O amor é uma coisa, a vida é outra. O amor não é para ser uma ajudinha. Não é para ser o alívio, o repouso, o intervalo, a pancadinha nas costas, a pausa que refresca, o pronto-socorro da tortuosa estrada da vida, o nosso "dá lá um jeitinho sentimental". Odeio esta mania contemporânea por sopas e descanso. Odeio os novos casalinhos. Para onde quer que se olhe, já não se vê romance, gritaria, maluquice, facada, abraços, flores. O amor fechou a loja. Foi trespassada ao pessoal da pantufa e da serenidade. Amor é amor. É essa beleza. É esse perigo. O nosso amor não é para nos compreender, não é para nos ajudar, não é para nos fazer felizes. Tanto pode como não pode. Tanto faz. É uma questão de azar. O nosso amor não e para nos amar, para nos levar de repente ao céu, a tempo ainda de apanhar um bocadinho de inferno aberto.

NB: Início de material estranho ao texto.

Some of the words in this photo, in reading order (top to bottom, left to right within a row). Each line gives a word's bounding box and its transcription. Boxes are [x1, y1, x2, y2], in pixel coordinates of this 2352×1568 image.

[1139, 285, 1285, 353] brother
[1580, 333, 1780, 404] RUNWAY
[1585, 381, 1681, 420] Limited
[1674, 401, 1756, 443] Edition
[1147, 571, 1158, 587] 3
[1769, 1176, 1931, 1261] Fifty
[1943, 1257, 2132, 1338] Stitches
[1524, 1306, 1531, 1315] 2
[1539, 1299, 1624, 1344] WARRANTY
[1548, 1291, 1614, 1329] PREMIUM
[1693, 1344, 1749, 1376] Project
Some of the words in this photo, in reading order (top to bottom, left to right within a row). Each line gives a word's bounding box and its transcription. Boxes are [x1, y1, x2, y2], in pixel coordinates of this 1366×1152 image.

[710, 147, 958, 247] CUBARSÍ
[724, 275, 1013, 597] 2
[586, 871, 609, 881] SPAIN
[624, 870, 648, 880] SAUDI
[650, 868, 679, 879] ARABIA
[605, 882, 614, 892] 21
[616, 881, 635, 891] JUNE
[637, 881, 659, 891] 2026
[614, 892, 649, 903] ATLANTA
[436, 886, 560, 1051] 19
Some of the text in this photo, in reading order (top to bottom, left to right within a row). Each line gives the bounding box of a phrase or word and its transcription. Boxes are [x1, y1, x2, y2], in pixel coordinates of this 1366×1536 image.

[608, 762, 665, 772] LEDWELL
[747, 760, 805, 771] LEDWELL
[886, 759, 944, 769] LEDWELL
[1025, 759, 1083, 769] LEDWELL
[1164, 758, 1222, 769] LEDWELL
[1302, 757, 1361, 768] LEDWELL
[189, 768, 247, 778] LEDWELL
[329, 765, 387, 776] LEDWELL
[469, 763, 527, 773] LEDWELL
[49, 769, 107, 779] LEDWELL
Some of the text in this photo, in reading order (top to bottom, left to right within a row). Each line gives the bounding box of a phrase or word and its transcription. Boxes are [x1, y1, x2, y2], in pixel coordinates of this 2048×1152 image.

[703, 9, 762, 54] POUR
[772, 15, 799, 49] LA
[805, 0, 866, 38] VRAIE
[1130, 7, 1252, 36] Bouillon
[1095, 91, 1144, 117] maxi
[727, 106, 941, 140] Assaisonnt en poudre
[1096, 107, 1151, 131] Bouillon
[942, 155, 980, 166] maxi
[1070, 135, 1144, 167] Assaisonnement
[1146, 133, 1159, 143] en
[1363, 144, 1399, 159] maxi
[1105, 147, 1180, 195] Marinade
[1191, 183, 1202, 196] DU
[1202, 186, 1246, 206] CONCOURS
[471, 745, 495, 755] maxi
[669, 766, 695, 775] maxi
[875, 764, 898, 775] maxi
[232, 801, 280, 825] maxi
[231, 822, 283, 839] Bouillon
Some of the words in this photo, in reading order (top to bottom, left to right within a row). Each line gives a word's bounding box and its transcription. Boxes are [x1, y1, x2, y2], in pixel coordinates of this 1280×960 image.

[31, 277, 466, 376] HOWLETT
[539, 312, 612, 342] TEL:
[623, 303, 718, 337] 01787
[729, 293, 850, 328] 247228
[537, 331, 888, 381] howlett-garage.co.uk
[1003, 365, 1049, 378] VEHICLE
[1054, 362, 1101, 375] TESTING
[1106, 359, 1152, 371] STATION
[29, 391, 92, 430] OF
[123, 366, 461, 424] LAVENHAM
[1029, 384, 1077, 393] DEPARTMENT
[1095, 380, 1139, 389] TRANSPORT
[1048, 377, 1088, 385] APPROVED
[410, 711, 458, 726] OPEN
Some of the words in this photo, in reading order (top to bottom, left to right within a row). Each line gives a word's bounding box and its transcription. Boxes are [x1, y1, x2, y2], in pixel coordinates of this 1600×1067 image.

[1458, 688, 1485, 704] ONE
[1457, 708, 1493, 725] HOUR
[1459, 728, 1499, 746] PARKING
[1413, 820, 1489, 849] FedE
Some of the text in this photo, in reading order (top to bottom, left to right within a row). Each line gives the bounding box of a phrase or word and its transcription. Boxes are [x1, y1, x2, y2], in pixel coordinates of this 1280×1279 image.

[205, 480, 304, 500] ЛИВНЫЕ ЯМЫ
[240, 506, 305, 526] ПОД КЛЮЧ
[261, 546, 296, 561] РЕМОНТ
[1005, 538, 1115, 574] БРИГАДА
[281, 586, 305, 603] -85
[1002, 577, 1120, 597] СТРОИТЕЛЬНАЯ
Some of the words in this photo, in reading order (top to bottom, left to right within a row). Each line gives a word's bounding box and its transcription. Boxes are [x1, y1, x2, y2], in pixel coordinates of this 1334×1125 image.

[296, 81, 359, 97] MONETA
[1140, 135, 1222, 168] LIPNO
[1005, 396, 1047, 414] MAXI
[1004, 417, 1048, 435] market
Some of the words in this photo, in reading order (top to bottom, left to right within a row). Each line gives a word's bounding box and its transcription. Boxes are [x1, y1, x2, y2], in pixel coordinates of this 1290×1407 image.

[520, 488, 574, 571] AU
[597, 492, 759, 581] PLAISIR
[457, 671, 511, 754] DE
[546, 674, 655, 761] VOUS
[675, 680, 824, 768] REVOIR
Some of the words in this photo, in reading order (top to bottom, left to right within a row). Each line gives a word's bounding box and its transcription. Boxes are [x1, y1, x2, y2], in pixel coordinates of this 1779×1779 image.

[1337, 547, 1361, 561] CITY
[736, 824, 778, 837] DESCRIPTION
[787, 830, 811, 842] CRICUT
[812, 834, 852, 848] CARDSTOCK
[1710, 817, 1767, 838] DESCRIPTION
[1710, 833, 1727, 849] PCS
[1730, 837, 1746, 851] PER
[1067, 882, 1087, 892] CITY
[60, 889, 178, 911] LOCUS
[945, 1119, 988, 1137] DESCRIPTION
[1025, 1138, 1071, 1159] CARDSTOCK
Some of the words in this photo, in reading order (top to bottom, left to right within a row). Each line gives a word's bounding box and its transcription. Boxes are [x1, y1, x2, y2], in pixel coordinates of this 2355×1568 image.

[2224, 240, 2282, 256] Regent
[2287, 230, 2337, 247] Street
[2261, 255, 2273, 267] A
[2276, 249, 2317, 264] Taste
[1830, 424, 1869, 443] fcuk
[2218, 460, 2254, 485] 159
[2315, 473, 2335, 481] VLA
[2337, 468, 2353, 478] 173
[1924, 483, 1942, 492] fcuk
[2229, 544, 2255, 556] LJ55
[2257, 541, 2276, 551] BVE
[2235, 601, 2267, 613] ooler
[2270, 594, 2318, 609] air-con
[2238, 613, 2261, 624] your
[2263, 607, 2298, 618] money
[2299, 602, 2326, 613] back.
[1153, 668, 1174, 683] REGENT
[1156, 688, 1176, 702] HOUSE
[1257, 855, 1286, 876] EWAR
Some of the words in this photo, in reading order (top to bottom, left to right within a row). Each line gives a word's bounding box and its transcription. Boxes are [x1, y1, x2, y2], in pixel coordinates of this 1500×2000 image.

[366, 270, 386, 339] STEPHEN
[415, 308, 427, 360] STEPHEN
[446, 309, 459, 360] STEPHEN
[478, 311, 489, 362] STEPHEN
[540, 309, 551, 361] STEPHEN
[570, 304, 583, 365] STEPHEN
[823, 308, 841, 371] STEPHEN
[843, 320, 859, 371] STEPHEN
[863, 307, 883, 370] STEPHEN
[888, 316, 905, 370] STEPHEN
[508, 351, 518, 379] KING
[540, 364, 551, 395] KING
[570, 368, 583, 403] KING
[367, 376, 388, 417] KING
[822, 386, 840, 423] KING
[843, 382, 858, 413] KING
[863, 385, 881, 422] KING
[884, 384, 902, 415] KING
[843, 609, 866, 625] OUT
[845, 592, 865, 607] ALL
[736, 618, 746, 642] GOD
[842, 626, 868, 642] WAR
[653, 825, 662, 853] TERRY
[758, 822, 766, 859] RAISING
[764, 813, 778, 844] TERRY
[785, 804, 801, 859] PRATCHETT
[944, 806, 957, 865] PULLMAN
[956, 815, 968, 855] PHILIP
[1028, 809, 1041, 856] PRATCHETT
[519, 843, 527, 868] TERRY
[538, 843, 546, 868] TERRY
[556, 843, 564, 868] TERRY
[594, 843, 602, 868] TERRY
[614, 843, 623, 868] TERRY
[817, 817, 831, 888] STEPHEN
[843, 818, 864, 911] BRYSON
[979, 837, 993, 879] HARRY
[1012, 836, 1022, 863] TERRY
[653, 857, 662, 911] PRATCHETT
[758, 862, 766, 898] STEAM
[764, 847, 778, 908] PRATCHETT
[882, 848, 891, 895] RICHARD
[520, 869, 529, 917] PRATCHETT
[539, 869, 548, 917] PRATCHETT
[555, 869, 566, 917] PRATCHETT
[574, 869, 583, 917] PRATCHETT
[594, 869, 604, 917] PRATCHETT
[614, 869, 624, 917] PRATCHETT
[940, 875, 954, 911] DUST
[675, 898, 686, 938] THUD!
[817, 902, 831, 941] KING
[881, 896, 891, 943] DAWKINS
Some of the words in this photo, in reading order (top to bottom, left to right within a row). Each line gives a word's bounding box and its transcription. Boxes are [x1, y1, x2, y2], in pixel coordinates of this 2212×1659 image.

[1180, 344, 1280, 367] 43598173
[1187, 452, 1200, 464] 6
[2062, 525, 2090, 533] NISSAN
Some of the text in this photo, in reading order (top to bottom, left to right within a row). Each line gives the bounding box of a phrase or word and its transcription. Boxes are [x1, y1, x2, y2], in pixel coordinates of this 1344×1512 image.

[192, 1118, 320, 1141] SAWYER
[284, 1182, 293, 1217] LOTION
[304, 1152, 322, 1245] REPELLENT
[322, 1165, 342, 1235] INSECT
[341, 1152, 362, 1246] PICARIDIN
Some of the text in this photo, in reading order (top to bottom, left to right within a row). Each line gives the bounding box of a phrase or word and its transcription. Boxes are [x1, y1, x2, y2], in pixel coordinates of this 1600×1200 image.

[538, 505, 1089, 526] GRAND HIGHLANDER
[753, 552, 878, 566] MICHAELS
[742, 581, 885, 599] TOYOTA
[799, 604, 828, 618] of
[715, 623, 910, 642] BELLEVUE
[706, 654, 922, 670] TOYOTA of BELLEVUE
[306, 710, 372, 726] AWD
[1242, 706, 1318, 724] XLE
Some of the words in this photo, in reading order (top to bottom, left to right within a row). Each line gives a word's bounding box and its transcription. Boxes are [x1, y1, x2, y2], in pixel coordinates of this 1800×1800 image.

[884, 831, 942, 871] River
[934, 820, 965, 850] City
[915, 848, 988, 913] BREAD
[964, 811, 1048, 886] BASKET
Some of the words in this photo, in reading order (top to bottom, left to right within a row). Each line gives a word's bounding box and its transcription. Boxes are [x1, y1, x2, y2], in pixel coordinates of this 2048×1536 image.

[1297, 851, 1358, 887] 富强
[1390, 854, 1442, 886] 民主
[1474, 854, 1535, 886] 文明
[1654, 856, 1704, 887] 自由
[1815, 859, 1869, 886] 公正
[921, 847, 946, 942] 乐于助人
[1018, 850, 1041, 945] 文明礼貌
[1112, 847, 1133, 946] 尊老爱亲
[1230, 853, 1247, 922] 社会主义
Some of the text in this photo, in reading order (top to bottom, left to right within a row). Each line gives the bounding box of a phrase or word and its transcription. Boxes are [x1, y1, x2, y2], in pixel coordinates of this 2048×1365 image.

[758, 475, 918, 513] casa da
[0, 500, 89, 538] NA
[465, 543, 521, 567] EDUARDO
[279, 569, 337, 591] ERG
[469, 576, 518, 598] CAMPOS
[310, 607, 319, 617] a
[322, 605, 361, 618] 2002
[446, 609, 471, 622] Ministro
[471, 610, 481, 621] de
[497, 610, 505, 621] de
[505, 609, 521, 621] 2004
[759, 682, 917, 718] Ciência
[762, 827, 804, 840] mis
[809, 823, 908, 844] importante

O amor é uma coisa, a vida é outra. A vida às vezes mata o amor. A "vidinha" é uma convivência assassina. O amor puro não é um meio, não é um fim, não é um princípio, não é um destino. O amor puro é uma condição… Tem tanto a ver com a vida de cada um como o clima. O amor não se percebe. Não dá para perceber. O amor é um estado de quem se sente. O amor é a nossa alma. É a nossa alma a desatar. A desatar a correr atrás do que não sabe, não apanha, não larga, não compreende. O amor é uma verdade. É por isso que a ilusão e necessária. A ilusão e bonita, não faz mal. Que se invente e minta e sonhe o que se quiser. O amor é uma coisa, a vida é outra. A realidade pode matar, o amor é mais bonito que a vida. A vida que se lixe. Num momento, num olhar, o coração apanha-se para sempre. Ama-se alguém. Por muito longe, por muito difícil, por muito desesperadamente. O CORAÇÃO GUARDA O QUE NOS ESCAPA DAS MÃOS. E durante o dia e durante a vida, quando não esta lá quem se ama, não é ela que nos acompanha - é o nosso amor, o amor que se lhe tem.

Não é para perceber. É sinal de amor puro não se perceber, amar e não se ter, querer e não guardar a esperança, doer sem ficar magoado, viver sozinho, mas mais acompanhado do que quem vive feliz. Não se pode ceder. Não se pode resistir. A vida é uma coisa... o amor é outra."